I posted a question earlier ( Pandas-ipython, how to create new data frames with drill down capabilities ) and it was pointed out that it is possibly too broad so I have some more specific questions that may be easier to respond to and help me get a start with graphing data.
I have decided to try creating some visualizations of my data using Pandas (or any package accessible through ipython). The first, obvious, problem I run into is how can I filter on certain conditions. For example I type the command:
df.Duration.hist(bins=10)
but get an error due to unrecognized dtypes (there are some entries that aren't in datetime format). How can I exclude these in the original command?

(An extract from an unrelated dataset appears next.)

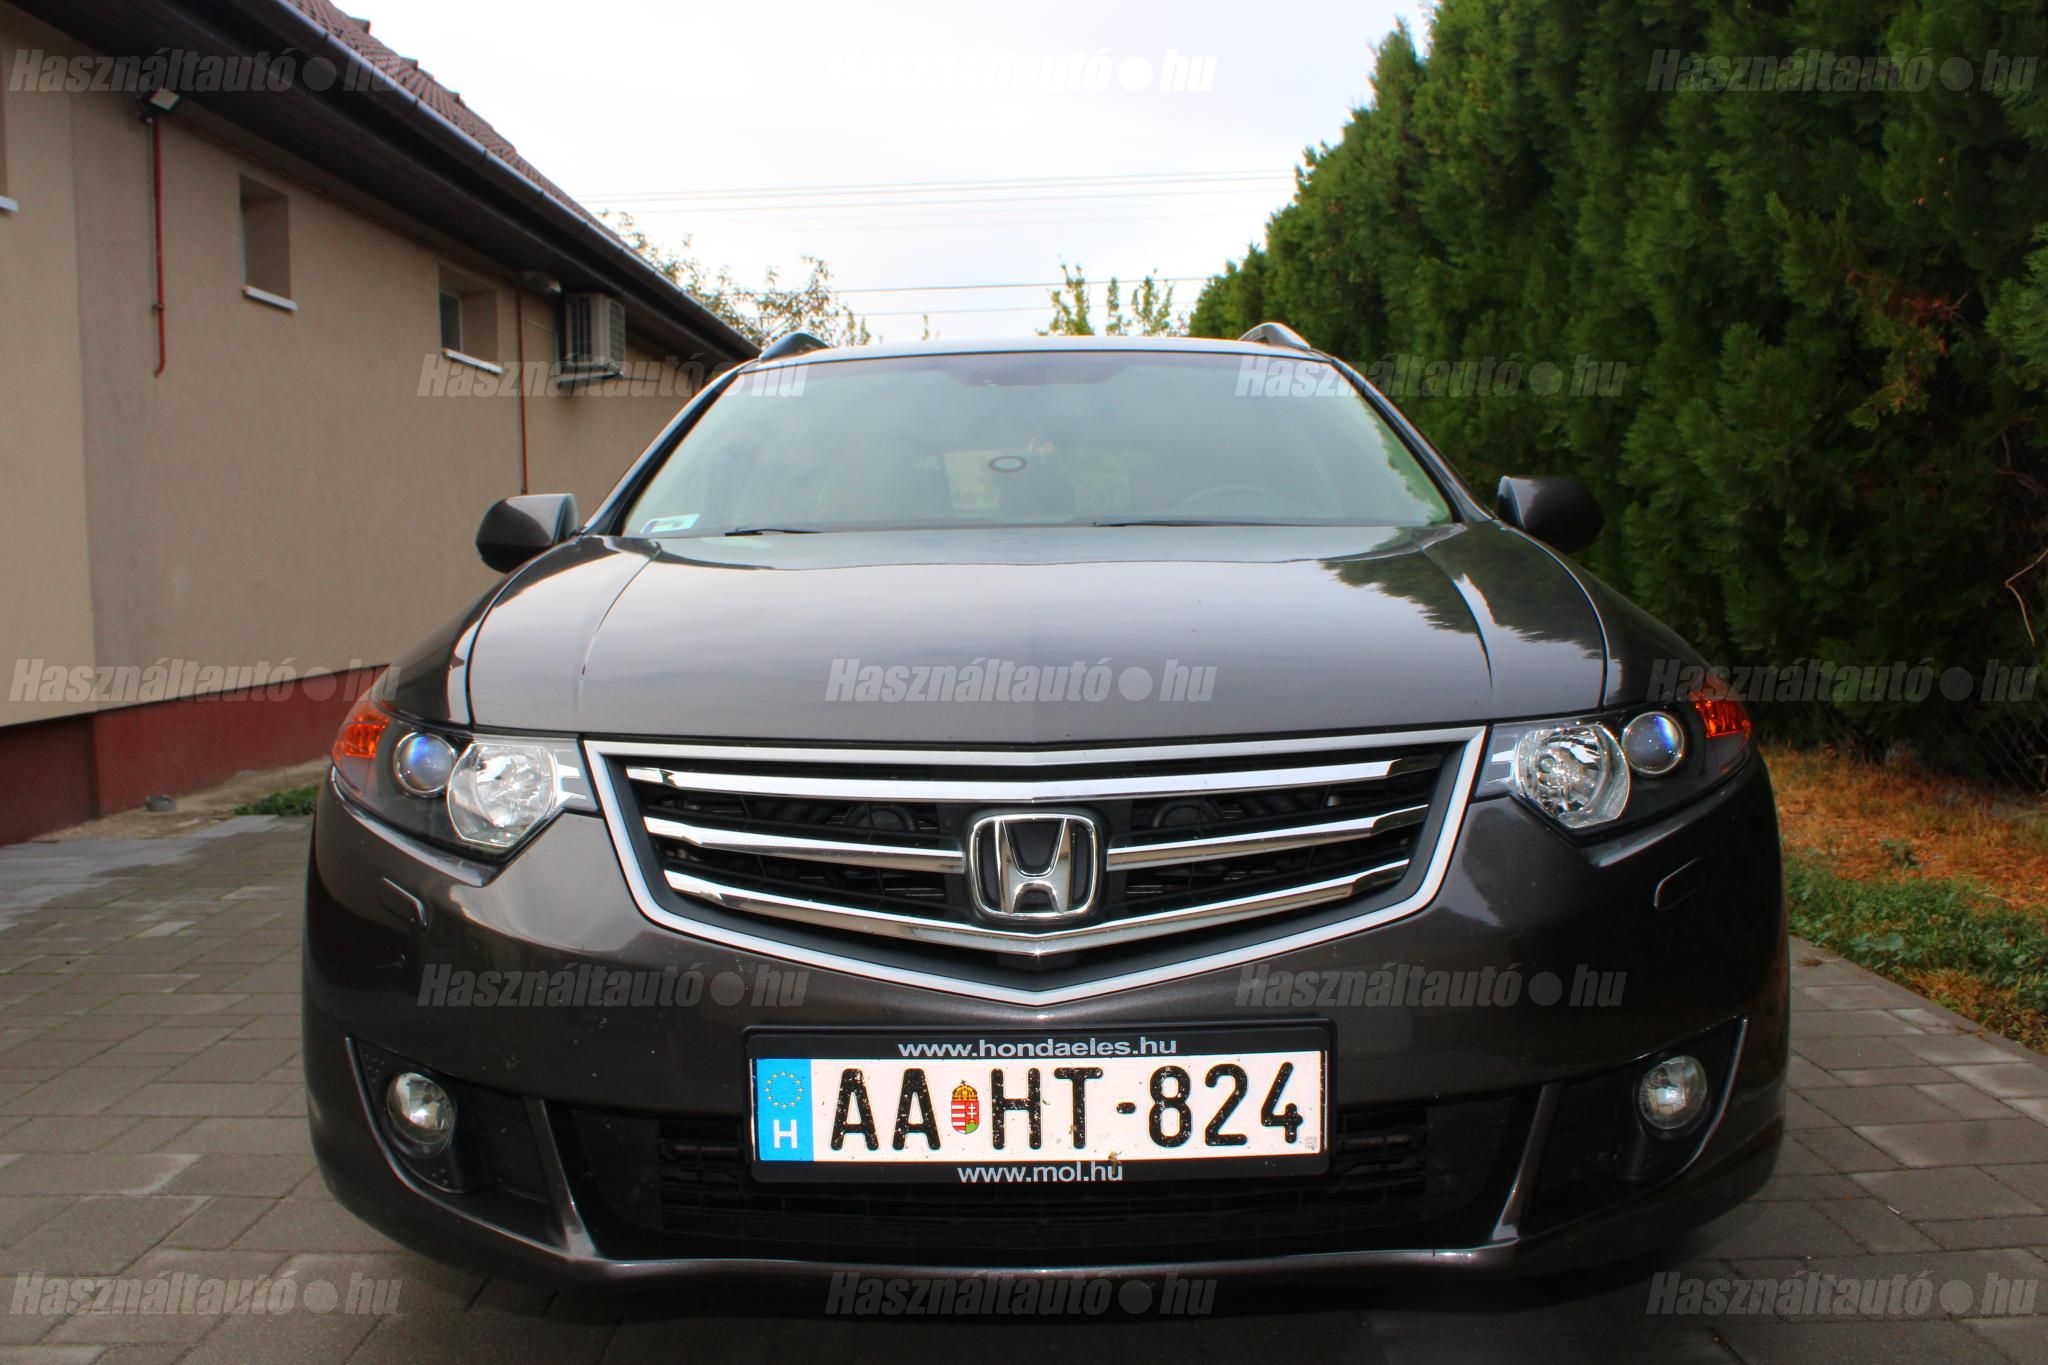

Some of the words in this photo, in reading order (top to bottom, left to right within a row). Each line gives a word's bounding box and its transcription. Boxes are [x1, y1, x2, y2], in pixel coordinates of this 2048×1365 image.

Also, what if I want to create the same histogram but filtering to keep only records that have id's (in an account id field) starting with the integer (or string?) '2'?

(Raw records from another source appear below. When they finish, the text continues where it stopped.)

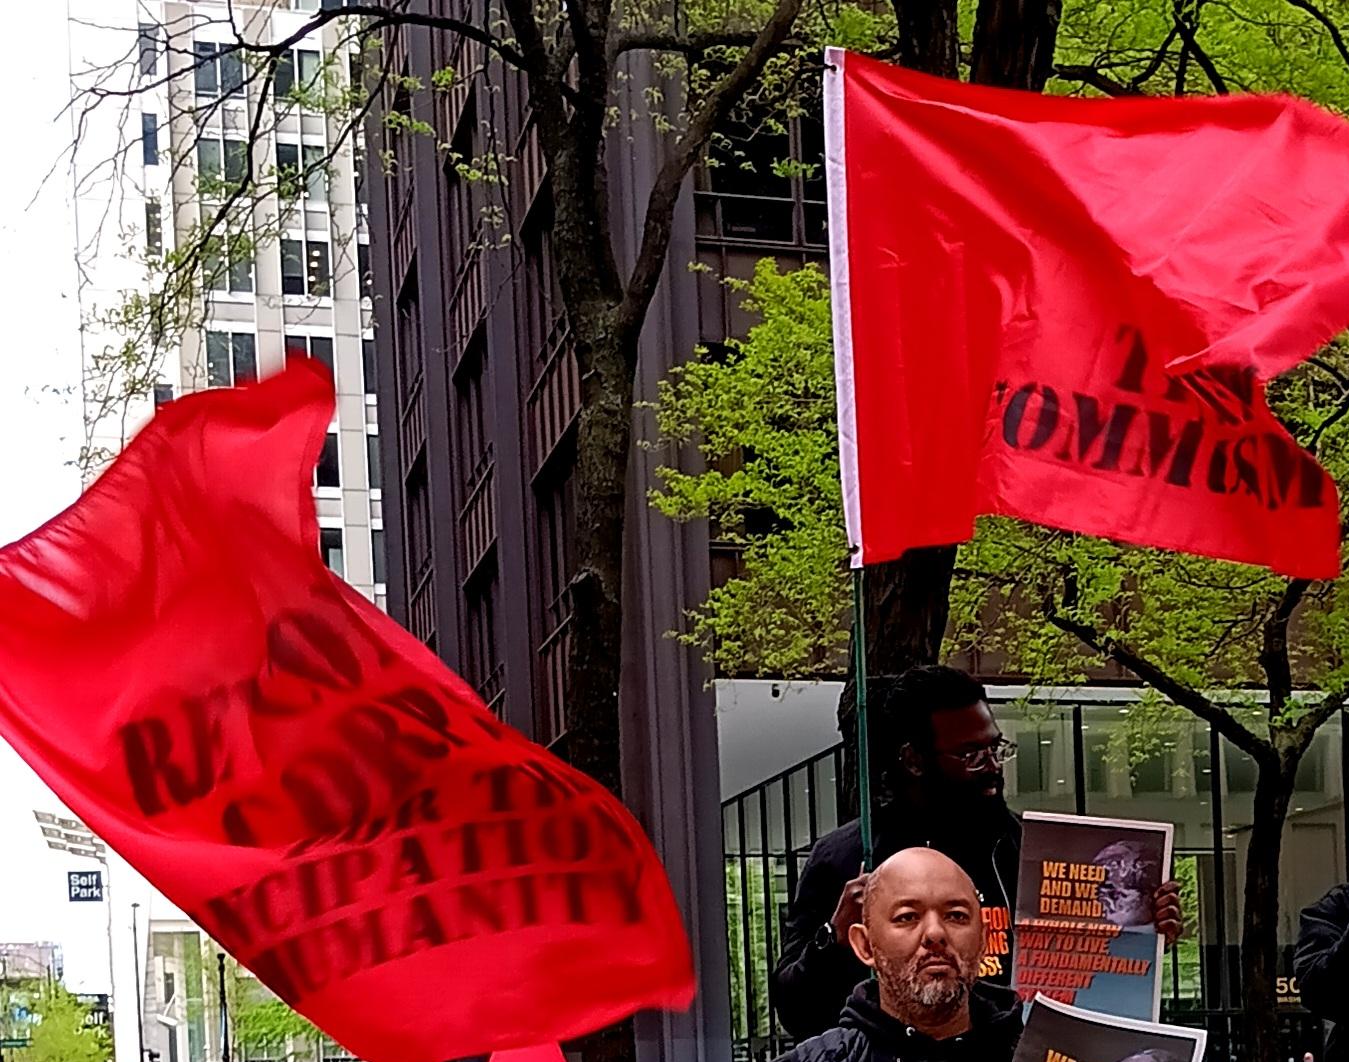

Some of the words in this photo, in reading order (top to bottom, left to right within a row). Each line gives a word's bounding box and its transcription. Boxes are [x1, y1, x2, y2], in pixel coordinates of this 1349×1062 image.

[1043, 861, 1065, 878] WE
[1069, 863, 1105, 882] NEED
[71, 886, 101, 898] Park
[1041, 880, 1071, 897] AND
[1075, 883, 1099, 899] WE
[1019, 931, 1053, 951] WAY
[1055, 934, 1075, 952] TO
[1018, 950, 1028, 967] A
[1031, 950, 1151, 976] FUNDAMENTALLY
[1018, 970, 1094, 989] DIFFERENT
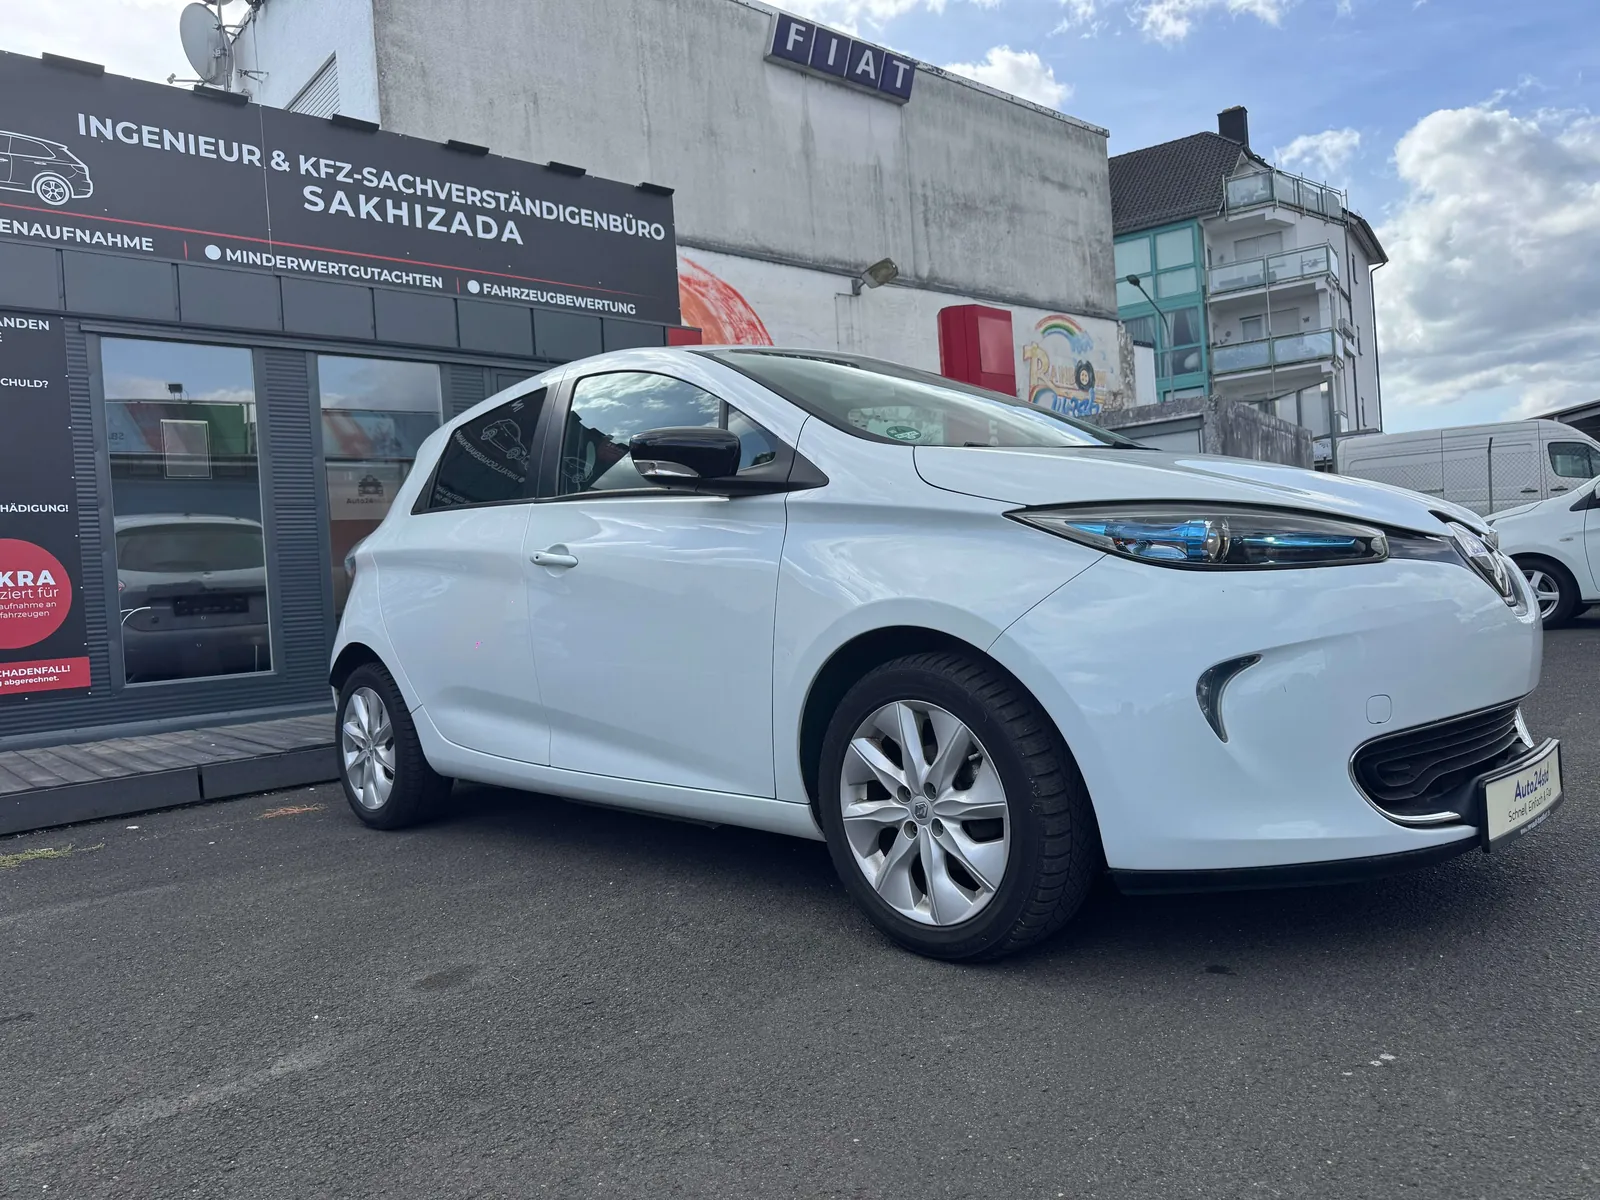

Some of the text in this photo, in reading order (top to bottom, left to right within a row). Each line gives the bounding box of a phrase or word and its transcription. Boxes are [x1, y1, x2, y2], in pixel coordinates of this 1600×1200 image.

Ultimately, I want to be able to create histograms, line plots, box plots and so on but filtering for certain months, user id's, or just bad 'dtypes'.
Can anyone help me modify the above command to add filters to it. (I'm decent with python-new to data)
tnx
update: a kind user below has been trying to help me with this problem. I have a few developments to add to the question and a more specific problem.
I have columns in my data frame for Start Time and End Time and created a 'Duration' column for time lapsed.
The Start Time/End Time columns have fields that look like:
2014/03/30 15:45
and when I apply the command pd.to_datetime() to these columns I get fields resulting that look like:
2014-03-30 15:45:00
I changed the format to datetime and created a new column which is the 'Duration' or time lapsed in one command:
df['Duration'] = pd.to_datetime(df['End Time'])-pd.to_datetime(df['Start Time'])
The format of the fields in the duration column is:
01:14:00
or hh:mm:ss
to indicate time lapsed or 74 mins in the above example.
the dtype of the duration column fields (hh:mm:ss) is:
dtype('<m8[ns]')
The question is, how can I convert these fields to just integers?